Referring expression grounding data
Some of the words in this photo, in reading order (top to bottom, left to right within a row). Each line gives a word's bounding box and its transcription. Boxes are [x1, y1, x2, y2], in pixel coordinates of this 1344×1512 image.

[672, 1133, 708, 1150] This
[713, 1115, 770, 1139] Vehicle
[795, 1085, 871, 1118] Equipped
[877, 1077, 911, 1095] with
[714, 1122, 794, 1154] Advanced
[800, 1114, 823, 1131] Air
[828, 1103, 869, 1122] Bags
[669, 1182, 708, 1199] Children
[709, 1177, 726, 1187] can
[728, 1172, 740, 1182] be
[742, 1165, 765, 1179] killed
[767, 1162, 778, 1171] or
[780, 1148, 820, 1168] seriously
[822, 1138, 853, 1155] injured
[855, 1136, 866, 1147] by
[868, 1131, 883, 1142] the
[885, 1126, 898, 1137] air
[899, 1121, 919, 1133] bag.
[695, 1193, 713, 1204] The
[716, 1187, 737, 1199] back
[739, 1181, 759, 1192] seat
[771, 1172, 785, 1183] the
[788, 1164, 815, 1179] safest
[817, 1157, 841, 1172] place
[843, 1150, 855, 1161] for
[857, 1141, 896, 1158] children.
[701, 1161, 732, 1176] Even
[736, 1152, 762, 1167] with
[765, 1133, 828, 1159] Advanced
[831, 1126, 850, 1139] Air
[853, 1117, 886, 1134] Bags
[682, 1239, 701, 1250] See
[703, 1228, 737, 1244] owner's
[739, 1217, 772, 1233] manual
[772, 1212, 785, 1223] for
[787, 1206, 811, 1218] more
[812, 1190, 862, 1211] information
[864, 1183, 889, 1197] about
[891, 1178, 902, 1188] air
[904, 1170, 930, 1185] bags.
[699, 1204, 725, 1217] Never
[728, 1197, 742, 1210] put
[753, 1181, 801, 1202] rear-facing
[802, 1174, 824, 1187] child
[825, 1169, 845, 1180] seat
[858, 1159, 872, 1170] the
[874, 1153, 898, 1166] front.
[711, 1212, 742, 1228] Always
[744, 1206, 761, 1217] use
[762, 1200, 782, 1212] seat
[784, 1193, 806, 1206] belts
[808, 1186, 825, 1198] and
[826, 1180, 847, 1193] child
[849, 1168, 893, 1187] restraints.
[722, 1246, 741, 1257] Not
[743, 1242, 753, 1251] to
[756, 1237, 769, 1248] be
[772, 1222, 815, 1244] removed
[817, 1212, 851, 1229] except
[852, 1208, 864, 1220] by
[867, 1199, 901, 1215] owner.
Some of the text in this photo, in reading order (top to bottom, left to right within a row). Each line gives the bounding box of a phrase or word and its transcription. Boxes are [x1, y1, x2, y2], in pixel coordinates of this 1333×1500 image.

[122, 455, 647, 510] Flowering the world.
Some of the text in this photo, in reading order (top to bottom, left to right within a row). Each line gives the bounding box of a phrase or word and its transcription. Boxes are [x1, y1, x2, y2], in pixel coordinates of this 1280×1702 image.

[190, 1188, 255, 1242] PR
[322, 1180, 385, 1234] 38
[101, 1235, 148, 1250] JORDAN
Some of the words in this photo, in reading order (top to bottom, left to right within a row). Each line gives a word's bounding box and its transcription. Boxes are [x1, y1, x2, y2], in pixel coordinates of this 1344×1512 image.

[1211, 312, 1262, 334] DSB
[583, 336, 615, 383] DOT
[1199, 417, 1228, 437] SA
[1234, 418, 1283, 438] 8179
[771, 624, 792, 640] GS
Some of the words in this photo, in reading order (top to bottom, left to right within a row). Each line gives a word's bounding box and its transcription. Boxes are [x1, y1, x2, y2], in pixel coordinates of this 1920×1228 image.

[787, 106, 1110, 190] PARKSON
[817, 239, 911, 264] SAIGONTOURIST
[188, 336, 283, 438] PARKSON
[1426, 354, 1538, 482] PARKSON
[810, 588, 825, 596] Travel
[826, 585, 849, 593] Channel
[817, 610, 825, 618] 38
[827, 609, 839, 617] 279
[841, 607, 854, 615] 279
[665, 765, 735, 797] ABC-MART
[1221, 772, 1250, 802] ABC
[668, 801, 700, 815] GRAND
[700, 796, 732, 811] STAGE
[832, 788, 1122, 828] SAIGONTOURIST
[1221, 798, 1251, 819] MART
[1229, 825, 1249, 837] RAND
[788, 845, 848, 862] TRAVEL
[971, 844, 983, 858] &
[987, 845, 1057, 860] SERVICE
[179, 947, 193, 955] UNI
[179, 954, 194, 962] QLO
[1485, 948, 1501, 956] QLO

▸ **YOUR INSTRUCTIONS**
Every entry must be quoted exactly as it appears above.

▸ **ANSWER AREA**
Some of the words in this photo, in reading order (top to bottom, left to right within a row). Each line gives a word's bounding box and its transcription. Boxes are [x1, y1, x2, y2], in pixel coordinates of this 1344×1512 image.

[672, 1133, 708, 1150] This
[713, 1115, 770, 1139] Vehicle
[795, 1085, 871, 1118] Equipped
[877, 1077, 911, 1095] with
[714, 1122, 794, 1154] Advanced
[800, 1114, 823, 1131] Air
[828, 1103, 869, 1122] Bags
[669, 1182, 708, 1199] Children
[709, 1177, 726, 1187] can
[728, 1172, 740, 1182] be
[742, 1165, 765, 1179] killed
[767, 1162, 778, 1171] or
[780, 1148, 820, 1168] seriously
[822, 1138, 853, 1155] injured
[855, 1136, 866, 1147] by
[868, 1131, 883, 1142] the
[885, 1126, 898, 1137] air
[899, 1121, 919, 1133] bag.
[695, 1193, 713, 1204] The
[716, 1187, 737, 1199] back
[739, 1181, 759, 1192] seat
[771, 1172, 785, 1183] the
[788, 1164, 815, 1179] safest
[817, 1157, 841, 1172] place
[843, 1150, 855, 1161] for
[857, 1141, 896, 1158] children.
[701, 1161, 732, 1176] Even
[736, 1152, 762, 1167] with
[765, 1133, 828, 1159] Advanced
[831, 1126, 850, 1139] Air
[853, 1117, 886, 1134] Bags
[682, 1239, 701, 1250] See
[703, 1228, 737, 1244] owner's
[739, 1217, 772, 1233] manual
[772, 1212, 785, 1223] for
[787, 1206, 811, 1218] more
[812, 1190, 862, 1211] information
[864, 1183, 889, 1197] about
[891, 1178, 902, 1188] air
[904, 1170, 930, 1185] bags.
[699, 1204, 725, 1217] Never
[728, 1197, 742, 1210] put
[753, 1181, 801, 1202] rear-facing
[802, 1174, 824, 1187] child
[825, 1169, 845, 1180] seat
[858, 1159, 872, 1170] the
[874, 1153, 898, 1166] front.
[711, 1212, 742, 1228] Always
[744, 1206, 761, 1217] use
[762, 1200, 782, 1212] seat
[784, 1193, 806, 1206] belts
[808, 1186, 825, 1198] and
[826, 1180, 847, 1193] child
[849, 1168, 893, 1187] restraints.
[722, 1246, 741, 1257] Not
[743, 1242, 753, 1251] to
[756, 1237, 769, 1248] be
[772, 1222, 815, 1244] removed
[817, 1212, 851, 1229] except
[852, 1208, 864, 1220] by
[867, 1199, 901, 1215] owner.
Some of the text in this photo, in reading order (top to bottom, left to right within a row). Each line gives the bounding box of a phrase or word and its transcription. Boxes are [x1, y1, x2, y2], in pixel coordinates of this 1333×1500 image.

[122, 455, 647, 510] Flowering the world.
Some of the text in this photo, in reading order (top to bottom, left to right within a row). Each line gives the bounding box of a phrase or word and its transcription. Boxes are [x1, y1, x2, y2], in pixel coordinates of this 1280×1702 image.

[190, 1188, 255, 1242] PR
[322, 1180, 385, 1234] 38
[101, 1235, 148, 1250] JORDAN
Some of the words in this photo, in reading order (top to bottom, left to right within a row). Each line gives a word's bounding box and its transcription. Boxes are [x1, y1, x2, y2], in pixel coordinates of this 1344×1512 image.

[1211, 312, 1262, 334] DSB
[583, 336, 615, 383] DOT
[1199, 417, 1228, 437] SA
[1234, 418, 1283, 438] 8179
[771, 624, 792, 640] GS
Some of the words in this photo, in reading order (top to bottom, left to right within a row). Each line gives a word's bounding box and its transcription. Boxes are [x1, y1, x2, y2], in pixel coordinates of this 1920×1228 image.

[787, 106, 1110, 190] PARKSON
[817, 239, 911, 264] SAIGONTOURIST
[188, 336, 283, 438] PARKSON
[1426, 354, 1538, 482] PARKSON
[810, 588, 825, 596] Travel
[826, 585, 849, 593] Channel
[817, 610, 825, 618] 38
[827, 609, 839, 617] 279
[841, 607, 854, 615] 279
[665, 765, 735, 797] ABC-MART
[1221, 772, 1250, 802] ABC
[668, 801, 700, 815] GRAND
[700, 796, 732, 811] STAGE
[832, 788, 1122, 828] SAIGONTOURIST
[1221, 798, 1251, 819] MART
[1229, 825, 1249, 837] RAND
[788, 845, 848, 862] TRAVEL
[971, 844, 983, 858] &
[987, 845, 1057, 860] SERVICE
[179, 947, 193, 955] UNI
[179, 954, 194, 962] QLO
[1485, 948, 1501, 956] QLO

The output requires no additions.